Free-text object descriptions

============

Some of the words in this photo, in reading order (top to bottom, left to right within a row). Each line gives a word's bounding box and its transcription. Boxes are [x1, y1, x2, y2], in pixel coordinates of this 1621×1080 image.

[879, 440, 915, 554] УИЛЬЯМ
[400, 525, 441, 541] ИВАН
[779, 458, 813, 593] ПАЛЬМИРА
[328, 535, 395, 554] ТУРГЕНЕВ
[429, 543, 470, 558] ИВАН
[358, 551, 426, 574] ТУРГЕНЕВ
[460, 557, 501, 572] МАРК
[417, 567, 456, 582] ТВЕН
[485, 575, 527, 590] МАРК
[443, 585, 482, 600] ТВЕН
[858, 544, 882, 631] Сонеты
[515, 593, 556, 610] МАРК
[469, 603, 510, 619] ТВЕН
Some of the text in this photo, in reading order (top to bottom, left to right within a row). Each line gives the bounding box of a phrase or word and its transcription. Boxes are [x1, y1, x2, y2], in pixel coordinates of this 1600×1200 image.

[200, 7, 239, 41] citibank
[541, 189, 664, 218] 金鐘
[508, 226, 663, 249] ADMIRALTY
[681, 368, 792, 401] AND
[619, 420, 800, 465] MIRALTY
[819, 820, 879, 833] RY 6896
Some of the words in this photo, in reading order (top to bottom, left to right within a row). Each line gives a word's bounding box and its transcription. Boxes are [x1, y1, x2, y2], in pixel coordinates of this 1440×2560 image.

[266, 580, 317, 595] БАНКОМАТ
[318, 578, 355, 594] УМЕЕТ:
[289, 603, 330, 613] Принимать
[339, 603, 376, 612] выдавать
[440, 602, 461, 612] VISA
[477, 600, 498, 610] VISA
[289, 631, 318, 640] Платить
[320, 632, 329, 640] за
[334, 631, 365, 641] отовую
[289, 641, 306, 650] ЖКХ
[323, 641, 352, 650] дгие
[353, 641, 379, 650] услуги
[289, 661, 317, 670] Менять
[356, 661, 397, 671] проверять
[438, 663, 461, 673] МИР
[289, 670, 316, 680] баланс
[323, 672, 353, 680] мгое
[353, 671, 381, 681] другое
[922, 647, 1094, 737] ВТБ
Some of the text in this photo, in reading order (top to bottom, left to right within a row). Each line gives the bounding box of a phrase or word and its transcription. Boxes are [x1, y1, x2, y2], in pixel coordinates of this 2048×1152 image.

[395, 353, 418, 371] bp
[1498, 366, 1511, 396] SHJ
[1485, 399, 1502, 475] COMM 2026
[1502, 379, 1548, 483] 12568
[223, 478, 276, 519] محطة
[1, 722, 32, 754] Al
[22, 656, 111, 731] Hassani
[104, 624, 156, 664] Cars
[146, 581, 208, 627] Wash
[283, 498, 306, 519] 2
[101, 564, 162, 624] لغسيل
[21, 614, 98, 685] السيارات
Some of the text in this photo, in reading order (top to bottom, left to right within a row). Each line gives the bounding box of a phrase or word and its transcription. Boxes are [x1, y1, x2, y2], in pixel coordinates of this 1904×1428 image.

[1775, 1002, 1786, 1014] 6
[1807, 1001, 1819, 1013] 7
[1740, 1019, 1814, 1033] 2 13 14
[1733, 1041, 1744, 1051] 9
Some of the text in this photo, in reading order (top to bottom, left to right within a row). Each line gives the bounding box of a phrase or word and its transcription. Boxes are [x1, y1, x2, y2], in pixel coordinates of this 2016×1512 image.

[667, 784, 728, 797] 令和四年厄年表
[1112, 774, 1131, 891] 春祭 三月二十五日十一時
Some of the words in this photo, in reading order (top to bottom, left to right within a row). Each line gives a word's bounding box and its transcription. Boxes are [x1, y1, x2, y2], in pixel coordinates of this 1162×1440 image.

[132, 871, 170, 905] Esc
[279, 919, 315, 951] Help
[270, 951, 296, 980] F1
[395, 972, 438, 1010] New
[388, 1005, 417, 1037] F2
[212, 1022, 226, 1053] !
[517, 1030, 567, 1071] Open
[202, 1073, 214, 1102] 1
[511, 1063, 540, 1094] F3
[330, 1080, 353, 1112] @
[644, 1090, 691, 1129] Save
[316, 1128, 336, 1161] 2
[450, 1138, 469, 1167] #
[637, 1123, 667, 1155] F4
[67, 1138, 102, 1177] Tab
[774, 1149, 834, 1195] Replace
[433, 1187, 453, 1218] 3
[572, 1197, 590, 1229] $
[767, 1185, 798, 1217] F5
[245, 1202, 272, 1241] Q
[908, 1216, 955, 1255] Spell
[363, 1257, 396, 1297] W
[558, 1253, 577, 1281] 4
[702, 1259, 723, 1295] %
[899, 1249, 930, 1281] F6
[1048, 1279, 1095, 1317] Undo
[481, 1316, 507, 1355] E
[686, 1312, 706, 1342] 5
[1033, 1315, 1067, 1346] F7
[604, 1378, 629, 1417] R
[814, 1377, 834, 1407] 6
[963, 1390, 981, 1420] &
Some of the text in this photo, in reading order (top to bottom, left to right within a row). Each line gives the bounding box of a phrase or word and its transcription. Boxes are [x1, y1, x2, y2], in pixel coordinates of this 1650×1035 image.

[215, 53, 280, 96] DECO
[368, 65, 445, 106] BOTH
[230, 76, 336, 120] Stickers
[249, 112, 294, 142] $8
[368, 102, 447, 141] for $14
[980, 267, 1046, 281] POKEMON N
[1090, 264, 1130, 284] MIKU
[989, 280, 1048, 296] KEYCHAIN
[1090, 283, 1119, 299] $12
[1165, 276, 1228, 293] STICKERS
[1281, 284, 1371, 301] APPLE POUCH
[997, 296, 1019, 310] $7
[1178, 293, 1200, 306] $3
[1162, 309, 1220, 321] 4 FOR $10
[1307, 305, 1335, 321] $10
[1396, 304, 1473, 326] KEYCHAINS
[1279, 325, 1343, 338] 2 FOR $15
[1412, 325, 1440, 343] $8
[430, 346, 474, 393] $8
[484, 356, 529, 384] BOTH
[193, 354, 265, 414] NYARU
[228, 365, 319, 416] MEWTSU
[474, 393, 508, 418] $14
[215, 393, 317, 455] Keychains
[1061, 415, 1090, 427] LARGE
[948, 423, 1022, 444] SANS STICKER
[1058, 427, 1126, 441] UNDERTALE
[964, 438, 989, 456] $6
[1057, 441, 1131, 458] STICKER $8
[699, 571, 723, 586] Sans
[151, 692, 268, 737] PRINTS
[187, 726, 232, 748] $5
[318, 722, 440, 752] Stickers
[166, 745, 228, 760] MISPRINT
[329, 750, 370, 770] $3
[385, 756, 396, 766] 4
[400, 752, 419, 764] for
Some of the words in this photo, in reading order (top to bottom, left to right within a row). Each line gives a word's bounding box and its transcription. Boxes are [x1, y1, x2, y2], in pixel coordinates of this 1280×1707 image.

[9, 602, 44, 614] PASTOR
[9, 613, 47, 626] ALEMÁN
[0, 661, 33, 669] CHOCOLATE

============

Task directions: Output every record above in full, exactly as it reads.

Exercise solution:
Some of the words in this photo, in reading order (top to bottom, left to right within a row). Each line gives a word's bounding box and its transcription. Boxes are [x1, y1, x2, y2], in pixel coordinates of this 1621×1080 image.

[879, 440, 915, 554] УИЛЬЯМ
[400, 525, 441, 541] ИВАН
[779, 458, 813, 593] ПАЛЬМИРА
[328, 535, 395, 554] ТУРГЕНЕВ
[429, 543, 470, 558] ИВАН
[358, 551, 426, 574] ТУРГЕНЕВ
[460, 557, 501, 572] МАРК
[417, 567, 456, 582] ТВЕН
[485, 575, 527, 590] МАРК
[443, 585, 482, 600] ТВЕН
[858, 544, 882, 631] Сонеты
[515, 593, 556, 610] МАРК
[469, 603, 510, 619] ТВЕН
Some of the text in this photo, in reading order (top to bottom, left to right within a row). Each line gives the bounding box of a phrase or word and its transcription. Boxes are [x1, y1, x2, y2], in pixel coordinates of this 1600×1200 image.

[200, 7, 239, 41] citibank
[541, 189, 664, 218] 金鐘
[508, 226, 663, 249] ADMIRALTY
[681, 368, 792, 401] AND
[619, 420, 800, 465] MIRALTY
[819, 820, 879, 833] RY 6896
Some of the words in this photo, in reading order (top to bottom, left to right within a row). Each line gives a word's bounding box and its transcription. Boxes are [x1, y1, x2, y2], in pixel coordinates of this 1440×2560 image.

[266, 580, 317, 595] БАНКОМАТ
[318, 578, 355, 594] УМЕЕТ:
[289, 603, 330, 613] Принимать
[339, 603, 376, 612] выдавать
[440, 602, 461, 612] VISA
[477, 600, 498, 610] VISA
[289, 631, 318, 640] Платить
[320, 632, 329, 640] за
[334, 631, 365, 641] отовую
[289, 641, 306, 650] ЖКХ
[323, 641, 352, 650] дгие
[353, 641, 379, 650] услуги
[289, 661, 317, 670] Менять
[356, 661, 397, 671] проверять
[438, 663, 461, 673] МИР
[289, 670, 316, 680] баланс
[323, 672, 353, 680] мгое
[353, 671, 381, 681] другое
[922, 647, 1094, 737] ВТБ
Some of the text in this photo, in reading order (top to bottom, left to right within a row). Each line gives the bounding box of a phrase or word and its transcription. Boxes are [x1, y1, x2, y2], in pixel coordinates of this 2048×1152 image.

[395, 353, 418, 371] bp
[1498, 366, 1511, 396] SHJ
[1485, 399, 1502, 475] COMM 2026
[1502, 379, 1548, 483] 12568
[223, 478, 276, 519] محطة
[1, 722, 32, 754] Al
[22, 656, 111, 731] Hassani
[104, 624, 156, 664] Cars
[146, 581, 208, 627] Wash
[283, 498, 306, 519] 2
[101, 564, 162, 624] لغسيل
[21, 614, 98, 685] السيارات
Some of the text in this photo, in reading order (top to bottom, left to right within a row). Each line gives the bounding box of a phrase or word and its transcription. Boxes are [x1, y1, x2, y2], in pixel coordinates of this 1904×1428 image.

[1775, 1002, 1786, 1014] 6
[1807, 1001, 1819, 1013] 7
[1740, 1019, 1814, 1033] 2 13 14
[1733, 1041, 1744, 1051] 9
Some of the text in this photo, in reading order (top to bottom, left to right within a row). Each line gives the bounding box of a phrase or word and its transcription. Boxes are [x1, y1, x2, y2], in pixel coordinates of this 2016×1512 image.

[667, 784, 728, 797] 令和四年厄年表
[1112, 774, 1131, 891] 春祭 三月二十五日十一時
Some of the words in this photo, in reading order (top to bottom, left to right within a row). Each line gives a word's bounding box and its transcription. Boxes are [x1, y1, x2, y2], in pixel coordinates of this 1162×1440 image.

[132, 871, 170, 905] Esc
[279, 919, 315, 951] Help
[270, 951, 296, 980] F1
[395, 972, 438, 1010] New
[388, 1005, 417, 1037] F2
[212, 1022, 226, 1053] !
[517, 1030, 567, 1071] Open
[202, 1073, 214, 1102] 1
[511, 1063, 540, 1094] F3
[330, 1080, 353, 1112] @
[644, 1090, 691, 1129] Save
[316, 1128, 336, 1161] 2
[450, 1138, 469, 1167] #
[637, 1123, 667, 1155] F4
[67, 1138, 102, 1177] Tab
[774, 1149, 834, 1195] Replace
[433, 1187, 453, 1218] 3
[572, 1197, 590, 1229] $
[767, 1185, 798, 1217] F5
[245, 1202, 272, 1241] Q
[908, 1216, 955, 1255] Spell
[363, 1257, 396, 1297] W
[558, 1253, 577, 1281] 4
[702, 1259, 723, 1295] %
[899, 1249, 930, 1281] F6
[1048, 1279, 1095, 1317] Undo
[481, 1316, 507, 1355] E
[686, 1312, 706, 1342] 5
[1033, 1315, 1067, 1346] F7
[604, 1378, 629, 1417] R
[814, 1377, 834, 1407] 6
[963, 1390, 981, 1420] &
Some of the text in this photo, in reading order (top to bottom, left to right within a row). Each line gives the bounding box of a phrase or word and its transcription. Boxes are [x1, y1, x2, y2], in pixel coordinates of this 1650×1035 image.

[215, 53, 280, 96] DECO
[368, 65, 445, 106] BOTH
[230, 76, 336, 120] Stickers
[249, 112, 294, 142] $8
[368, 102, 447, 141] for $14
[980, 267, 1046, 281] POKEMON N
[1090, 264, 1130, 284] MIKU
[989, 280, 1048, 296] KEYCHAIN
[1090, 283, 1119, 299] $12
[1165, 276, 1228, 293] STICKERS
[1281, 284, 1371, 301] APPLE POUCH
[997, 296, 1019, 310] $7
[1178, 293, 1200, 306] $3
[1162, 309, 1220, 321] 4 FOR $10
[1307, 305, 1335, 321] $10
[1396, 304, 1473, 326] KEYCHAINS
[1279, 325, 1343, 338] 2 FOR $15
[1412, 325, 1440, 343] $8
[430, 346, 474, 393] $8
[484, 356, 529, 384] BOTH
[193, 354, 265, 414] NYARU
[228, 365, 319, 416] MEWTSU
[474, 393, 508, 418] $14
[215, 393, 317, 455] Keychains
[1061, 415, 1090, 427] LARGE
[948, 423, 1022, 444] SANS STICKER
[1058, 427, 1126, 441] UNDERTALE
[964, 438, 989, 456] $6
[1057, 441, 1131, 458] STICKER $8
[699, 571, 723, 586] Sans
[151, 692, 268, 737] PRINTS
[187, 726, 232, 748] $5
[318, 722, 440, 752] Stickers
[166, 745, 228, 760] MISPRINT
[329, 750, 370, 770] $3
[385, 756, 396, 766] 4
[400, 752, 419, 764] for
Some of the words in this photo, in reading order (top to bottom, left to right within a row). Each line gives a word's bounding box and its transcription. Boxes are [x1, y1, x2, y2], in pixel coordinates of this 1280×1707 image.

[9, 602, 44, 614] PASTOR
[9, 613, 47, 626] ALEMÁN
[0, 661, 33, 669] CHOCOLATE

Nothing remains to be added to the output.